Saved entries:
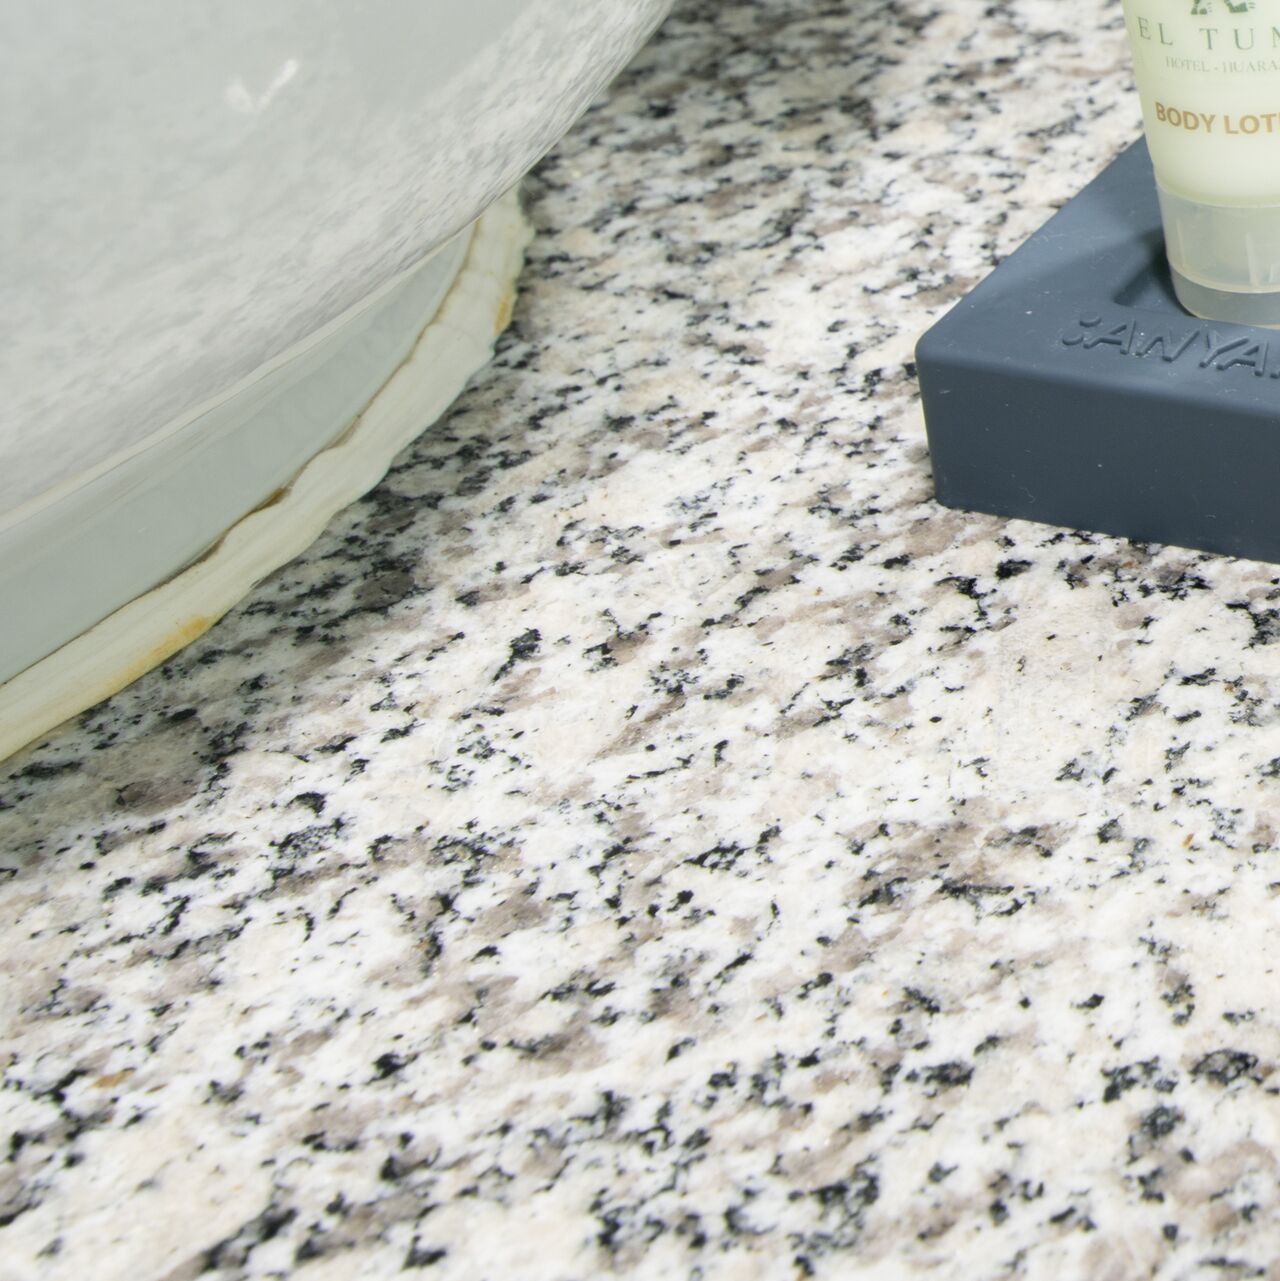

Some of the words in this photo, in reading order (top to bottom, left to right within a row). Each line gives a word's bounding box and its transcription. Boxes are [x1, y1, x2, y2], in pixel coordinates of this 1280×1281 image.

[1137, 16, 1173, 46] EL
[1165, 55, 1211, 73] HOTEL
[1154, 101, 1216, 133] BODY
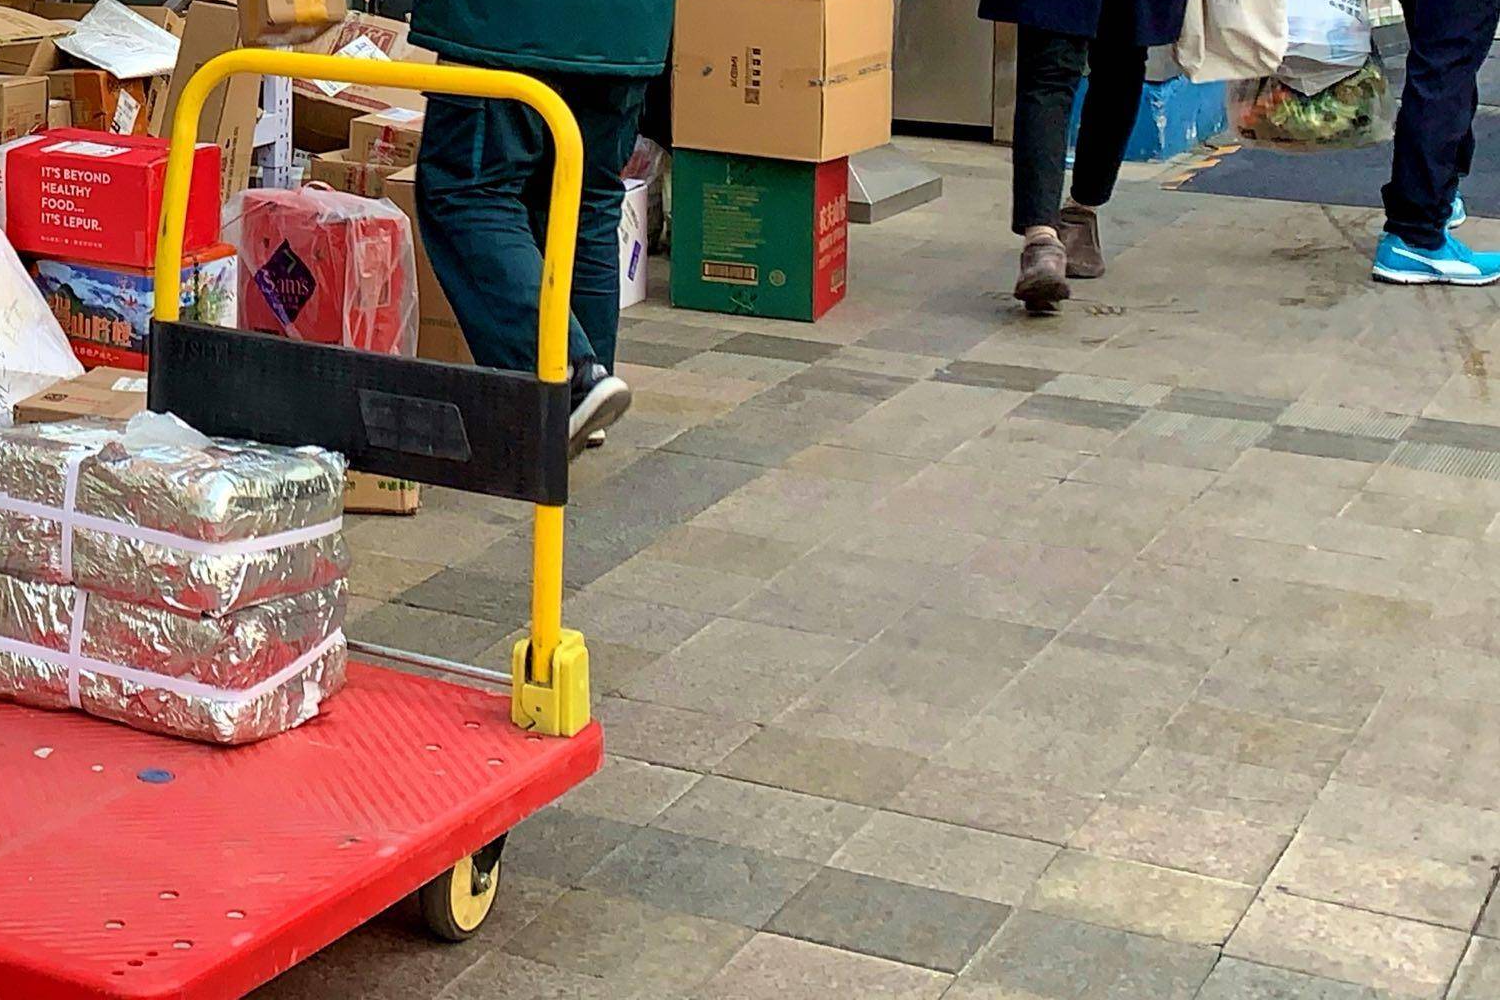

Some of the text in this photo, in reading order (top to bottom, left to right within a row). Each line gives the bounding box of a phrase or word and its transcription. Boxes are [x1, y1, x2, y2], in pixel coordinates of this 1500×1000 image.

[41, 166, 111, 185] IT'S BEYOND
[41, 182, 92, 198] HEALTHY
[41, 197, 85, 213] FOOD...
[41, 213, 103, 232] IT'S LEPUR.
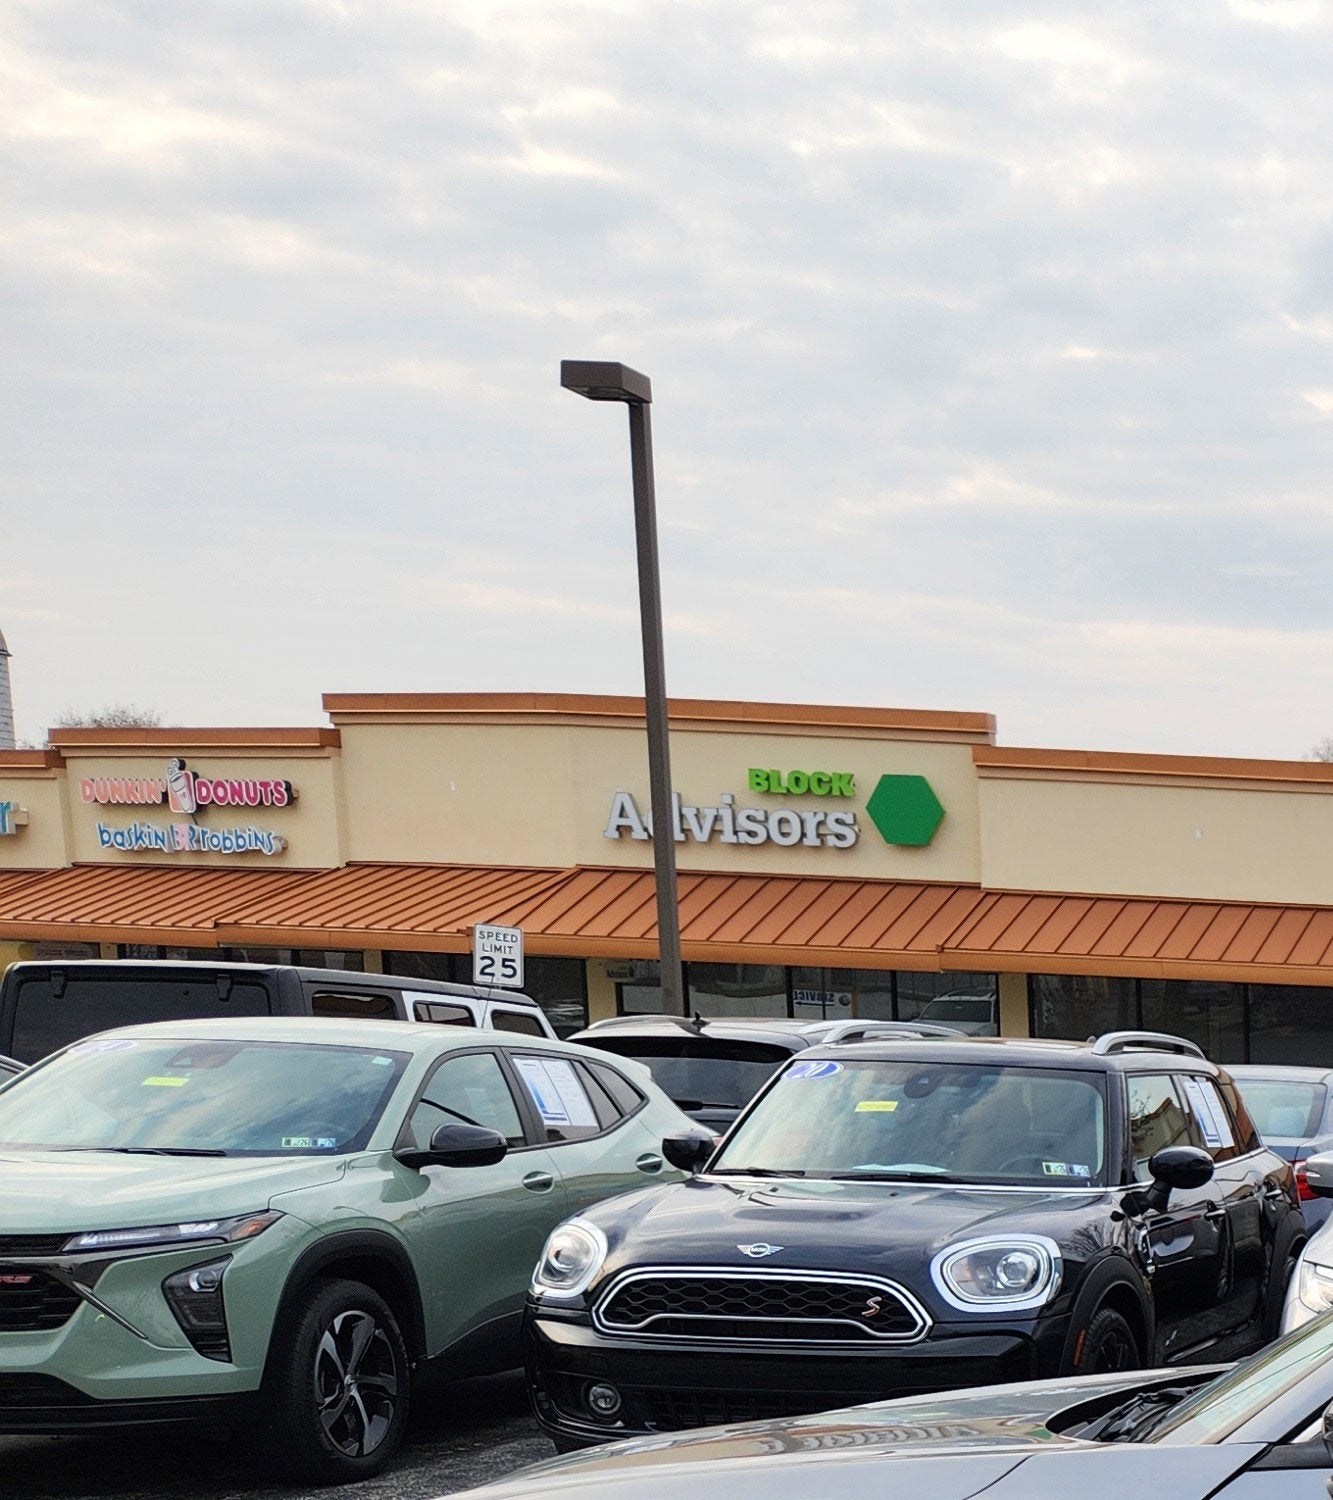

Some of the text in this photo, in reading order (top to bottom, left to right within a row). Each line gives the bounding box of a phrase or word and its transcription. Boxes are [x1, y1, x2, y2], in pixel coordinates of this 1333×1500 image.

**Work request**
Send back every line above exactly, skipping all pictures.

**The answer**
Some of the words in this photo, in reading order (top to bottom, left to right within a row). Each line gives a word's bounding box and its transcription. Boxes are [x1, y1, x2, y2], in pixel coordinates of this 1280×1281 image.

[1137, 16, 1173, 46] EL
[1165, 55, 1211, 73] HOTEL
[1154, 101, 1216, 133] BODY

Some of the text in this photo, in reading order (top to bottom, left to right within a row). Each line gives the bounding box of a phrase or word and its transcription. Boxes are [x1, y1, x2, y2], in pixel coordinates of this 1500×1000 image.

[41, 166, 111, 185] IT'S BEYOND
[41, 182, 92, 198] HEALTHY
[41, 197, 85, 213] FOOD...
[41, 213, 103, 232] IT'S LEPUR.

Some of the text in this photo, in reading order (top to bottom, left to right within a row). Each line gives the bounding box of a phrase or word and its transcription. Boxes are [x1, y1, x2, y2], in pixel coordinates of this 1333×1500 image.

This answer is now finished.